Trick or Tipsy
SF’s first annual WhiskyFest was a few weeks ago (you can read all about it in Jordan’s recap, WhiskyFest Report), and while I missed the event, I made up for it on Halloween. I had two stops that night—the latter one involving a costume—so I donned my magenta wig, painted on some makeup and ran to event number one—a whisky-pairing dinner at Absinthe for Suntory Yamazaki.
Being a quarter Scotch-Irish, I feel as if I should have some innate knowledge of whisky, and maybe I do, but I was out of my league that night. Local spirits writer Camper English, David Wondrich (spirits writer from Esquire) and Executive General Manager Mike Miyamoto of the Suntory Distillery near Kyoto were among the esteemed attendees. Oh, and I should mention that Jeff Hollinger, author of The Art of the Bar, was our bartender.
Upon arrival, everyone was hanging out by the bar sipping specialty cocktails created by Jeff for the occasion. (I was late because of MUNI, and would’ve been even tardier had I stopped Gavin in front of Citizen Cake to share my latest opinion on MUNI’s failures.) My drink was a zesty one with lemon and ginger. When we sat down for our three-course dinner, we were also served wine—red or white (my poor liver). With our first course (mine was a Jerusalem artichoke soup with kaffir lime, a drizzle of walnut oil and garnish of micro cilantro), we had the 12-year Yamazaki. It was totally agreeable and left that signature nice warmth in my mouth and down my throat. Mike shared a story of his post-work ritual involving an “award” of a glass of Suntory Yamazaki-12 and a splash of Suntory soda water at home.

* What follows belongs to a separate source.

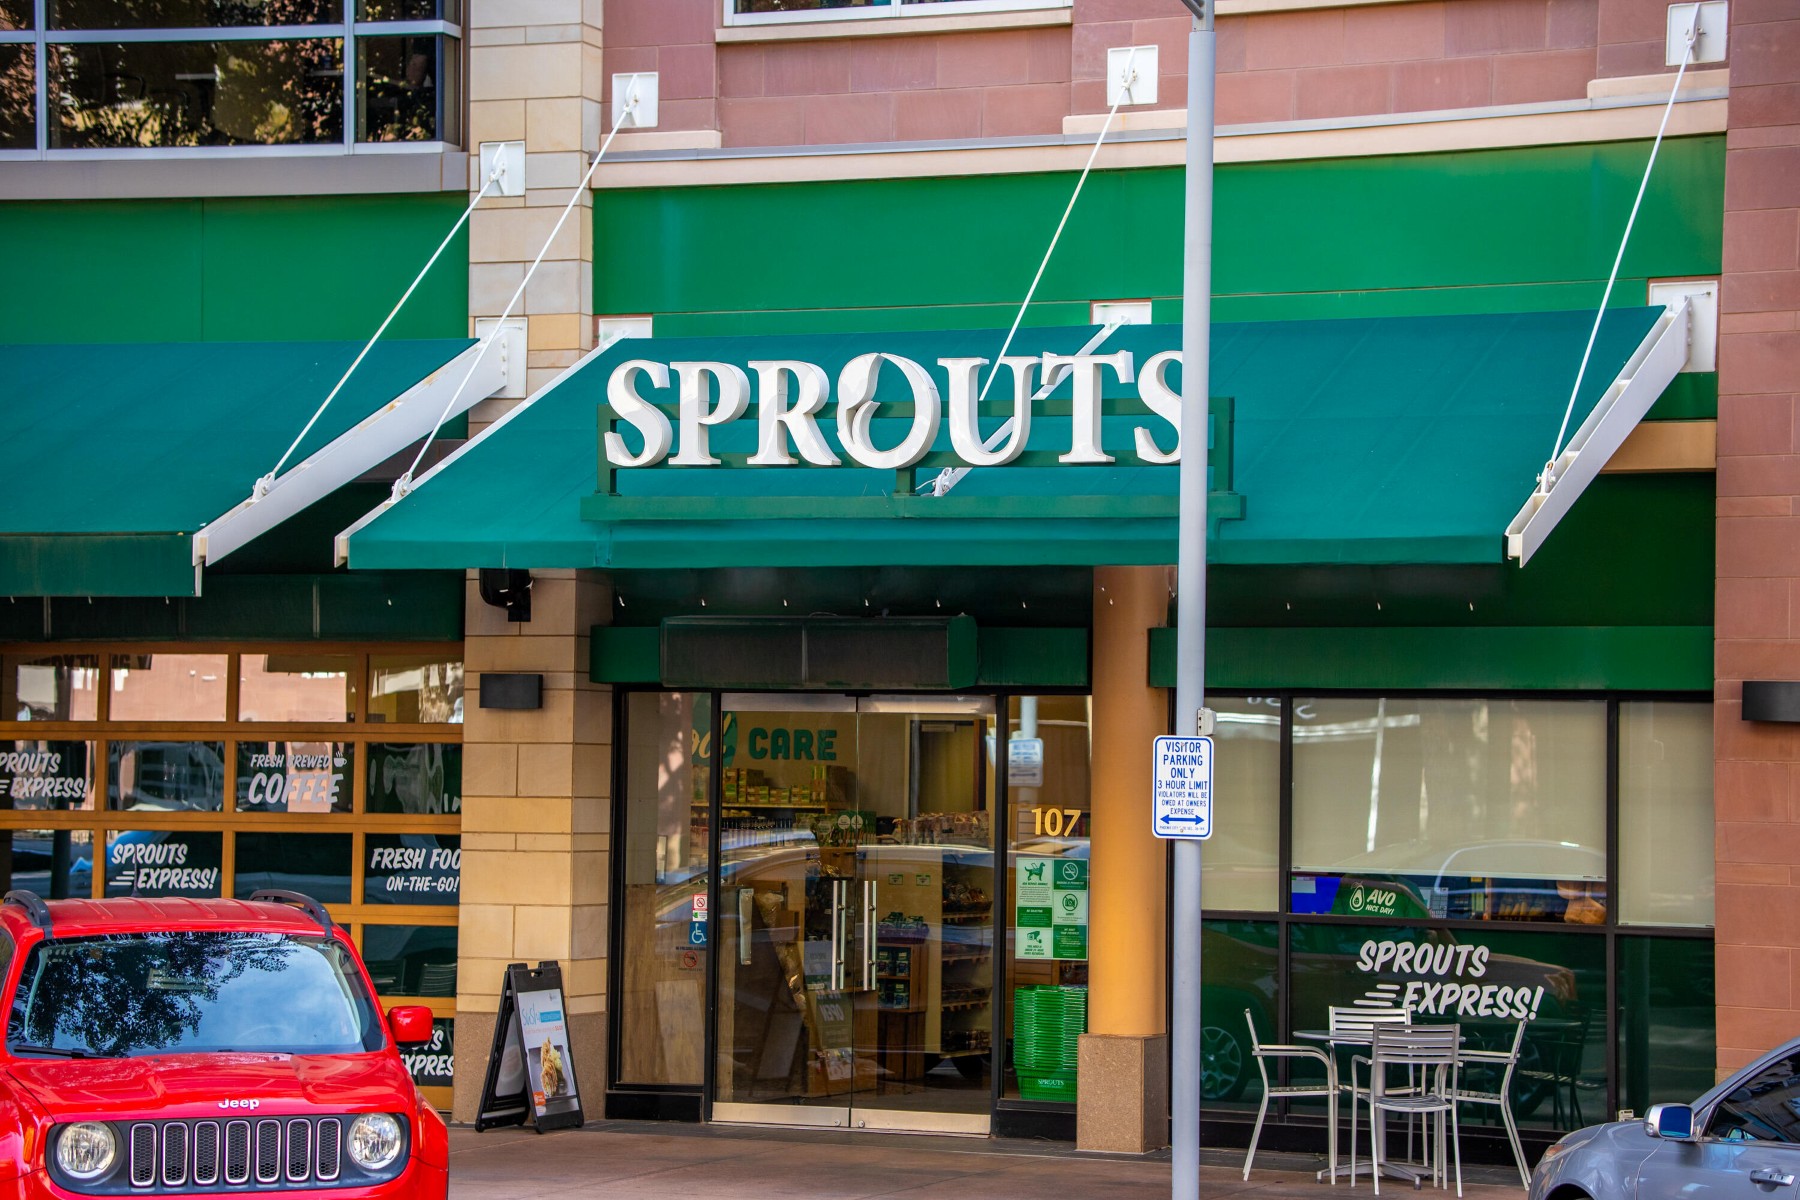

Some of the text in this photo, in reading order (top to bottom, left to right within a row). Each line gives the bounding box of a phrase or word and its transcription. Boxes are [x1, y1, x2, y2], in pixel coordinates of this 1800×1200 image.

The main course—I ordered the grilled blue nose bass over a butternut squash puree—was paired with the 18-year Yamazaki. But my favorite—and probably the obvious favorite, as it might’ve been one of the last bottles available—was the 25-year, which was served with dessert (me: apple tart). Smooth, caramelly and the perfect meal ender.
So there I was with six guys talking about everything from Paris (Hilton) and Britney to the nuances of Japanese oak and the splendor of Hibiki (Suntory’s blended whisky) over a whisky dinner as a world of pirates, cowboys and trick-or-treaters passed by on the sidewalk.
Watch out world, Japanese whisky is good and only getting better. Stop over at Absinthe or Nihon (and a bunch of other places) to sample for yourself. Kampai!